Depuis 2010, Hermès a ouvert dix maroquineries à travers la France. Deuxième site du pôle normand de la maison, la maroquinerie inaugurée à Louviers, dans la vallée de l’Eure, accueille 260 artisans formés au sein de l’École Hermès des savoir-faire ouverte en 2021. L’architecture, imaginée par l’architecte franco-libanaise Lina Ghotmeh et son atelier, émerge de recherches menées en parallèle sur l’histoire du lieu ainsi que sur les valeurs et savoir-faire de la célèbre maison. Le travail de Lina Ghotmeh s’ancre, selon ses propres mots, au sein d’une « archéologie du futur ».
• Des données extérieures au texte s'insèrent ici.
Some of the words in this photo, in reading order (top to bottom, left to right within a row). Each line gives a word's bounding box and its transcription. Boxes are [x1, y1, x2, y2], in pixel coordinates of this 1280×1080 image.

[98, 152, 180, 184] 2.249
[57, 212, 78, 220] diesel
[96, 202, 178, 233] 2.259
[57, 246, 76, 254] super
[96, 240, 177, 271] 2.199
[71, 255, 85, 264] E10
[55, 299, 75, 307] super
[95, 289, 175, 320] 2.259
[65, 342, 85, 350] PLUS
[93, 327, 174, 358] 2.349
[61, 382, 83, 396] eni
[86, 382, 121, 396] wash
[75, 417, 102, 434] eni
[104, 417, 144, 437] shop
Intégration dans le paysage lovérien

Sur ce site archéologique, des fouilles préventives ont révélé les vestiges d’un foyer magdalénien tapissé d’outils. Employés notamment pour le travail des os et des peaux, ces objets attestent d’une activité humaine et artisanale remontant au Paléolithique supérieur. Une caractéristique qui permet d’établir un certain lien de continuité avec l’activité actuelle du site.
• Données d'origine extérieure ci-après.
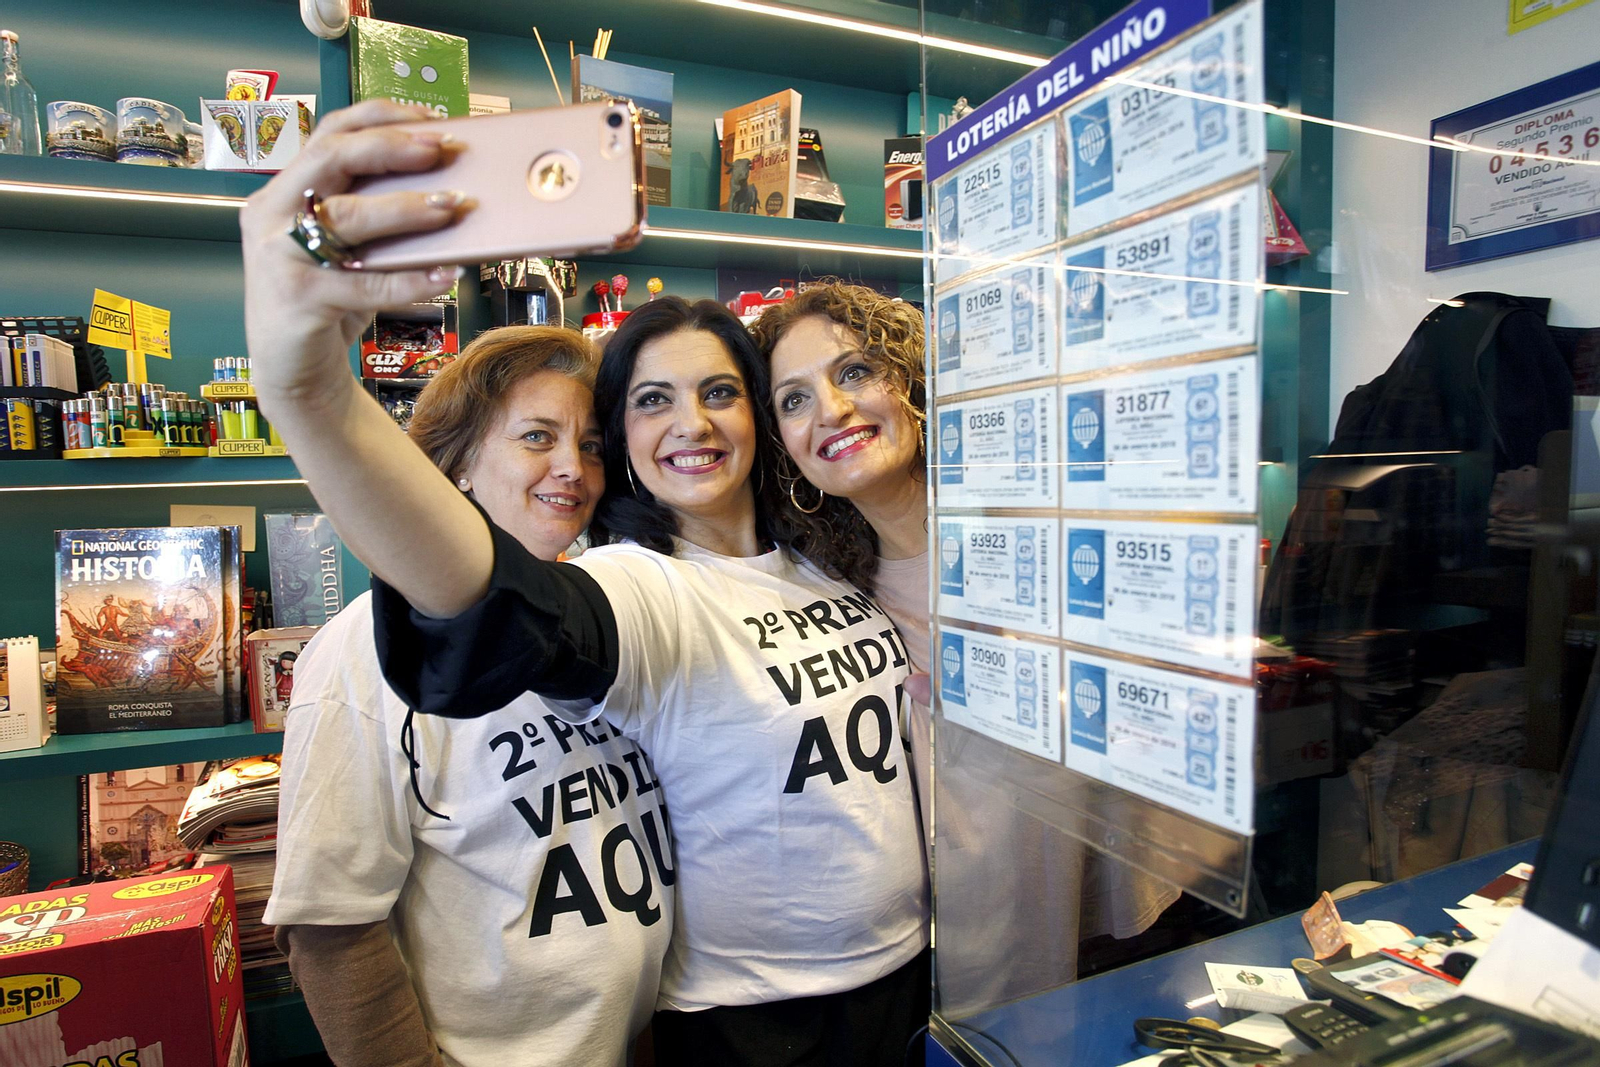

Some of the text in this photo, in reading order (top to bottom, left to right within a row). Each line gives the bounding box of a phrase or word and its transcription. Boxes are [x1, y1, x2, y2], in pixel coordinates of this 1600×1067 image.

Une autre particularité relève de la composition du sol, chargé de terre humide et argileuse prête à être modelée. La conception de l’édifice repose sur les ressources locales et les spécificités environnementales de la vallée. Élevée sur une friche industrielle, la structure présente une ossature légère en bois et briques. Près de 500 000 briques fabriquées à proximité du site et posées par des compagnons habillent l’édifice. Leur teinte déclinée du rouge au violet anime la composition. Une succession d’arcs en plein cintre et d’arcs en anse de panier rythme l’architecture, convoquant l’origine de l’entreprise fondée par Thierry Hermès en 1837, d’abord manufacture de harnais et de selles.

© Iwan Baan, Tadzio

Écrin architectural, reflet des savoir-faire

La nouvelle maroquinerie intègre un atelier de sellerie. En inaugurant le site lovérien, le métier de la manufacture Hermès, dédié à l’équitation, s’établit en dehors de Paris pour la première fois. Savoir-faire historique de la maison, la sellerie est placée au cœur du vaste édifice de 6 200 m². Le plan découle de la fonction du bâtiment qui regroupe l’ensemble des processus de création.
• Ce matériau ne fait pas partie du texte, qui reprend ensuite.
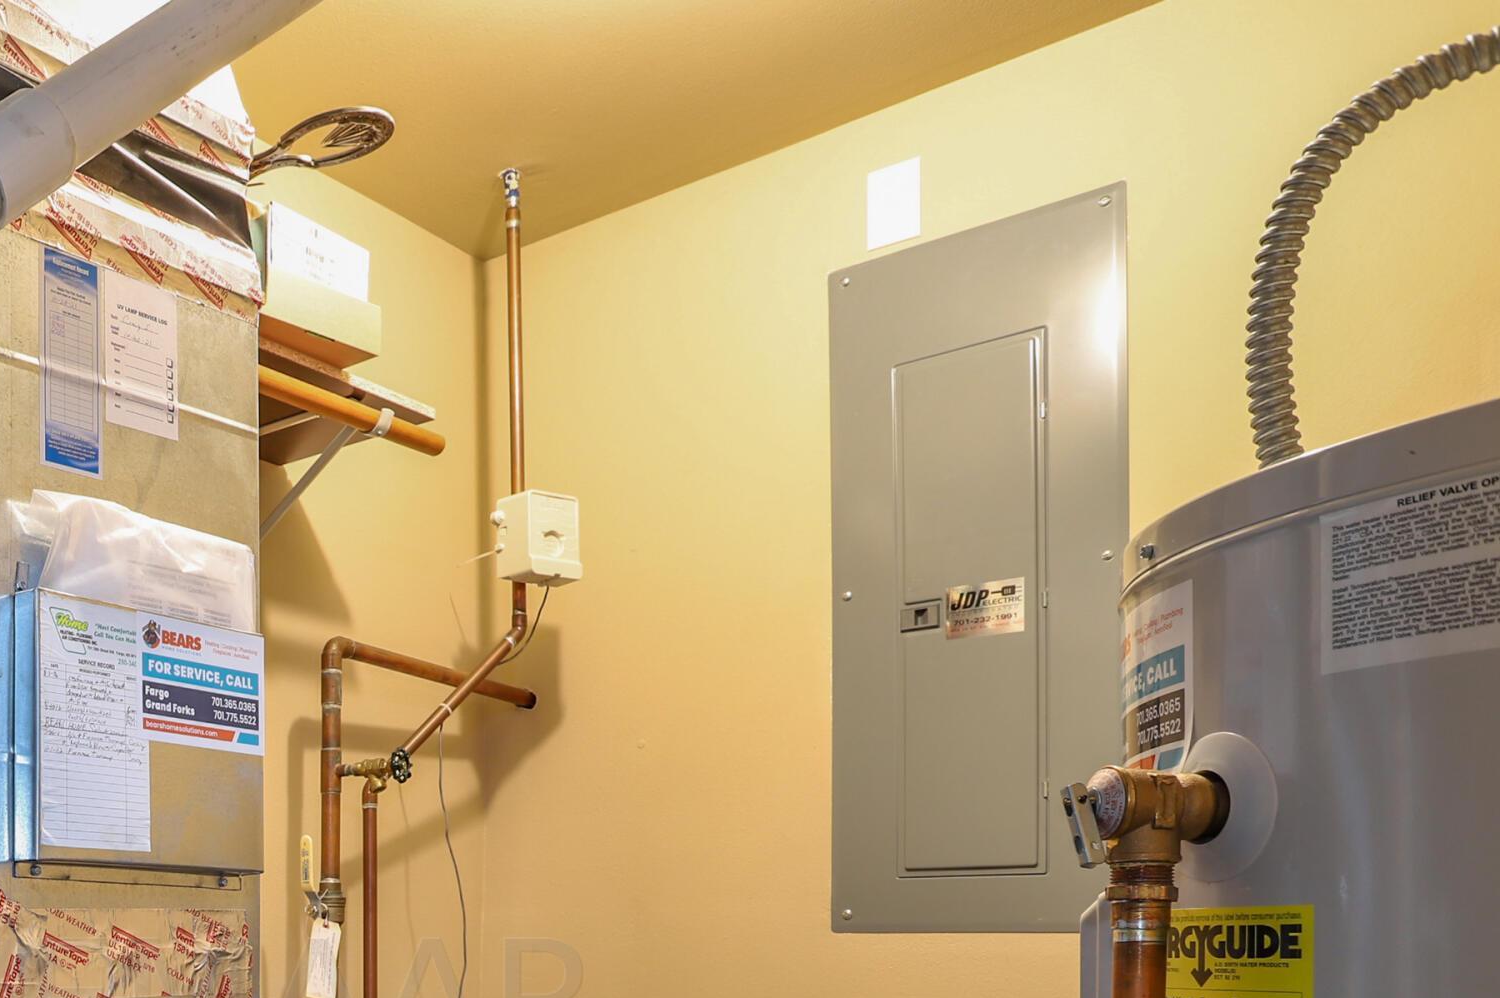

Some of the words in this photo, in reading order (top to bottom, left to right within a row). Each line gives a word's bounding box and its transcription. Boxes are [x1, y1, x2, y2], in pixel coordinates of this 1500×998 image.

Le plan d’ensemble est formé par un quadrilatère de 90 m de côté. Une forme faisant écho aux soies qui font la renommée de la maison. L’entrée s’effectue par une cour végétalisée, prolongeant le site naturel alentour. Le bâtiment scindé en trois unités abrite quatre grands ateliers, répartis en périphérie et qui bénéficient de lumière et vues vers l’extérieur. Les angles, laissés libres, pourront accueillir, selon les besoins futurs, jardins ou extensions. La distribution, percée d’arcades, annonce également une grande flexibilité des lieux.

Par sa position centrale, le grand espace d’accueil sert aussi de lieu d’exposition et de mise en valeur des réalisations de l’atelier et des savoir-faire des artisans. Au cœur de cet écrin harmonieux, l’œuvre La Place du village, réalisée par le sculpteur Emmanuel Saulnier, évoque le galop équestre. Librement inspirée du tableau Le Derby d’Epsom, de Théodore Géricault (musée du Louvre, 1821), la sculpture suspendue est constituée d’aiguilles en acier inox brutes ou noires, jointes par des étrivières de cuir noir, réalisées sur mesure par les artisans bridiers de la maison.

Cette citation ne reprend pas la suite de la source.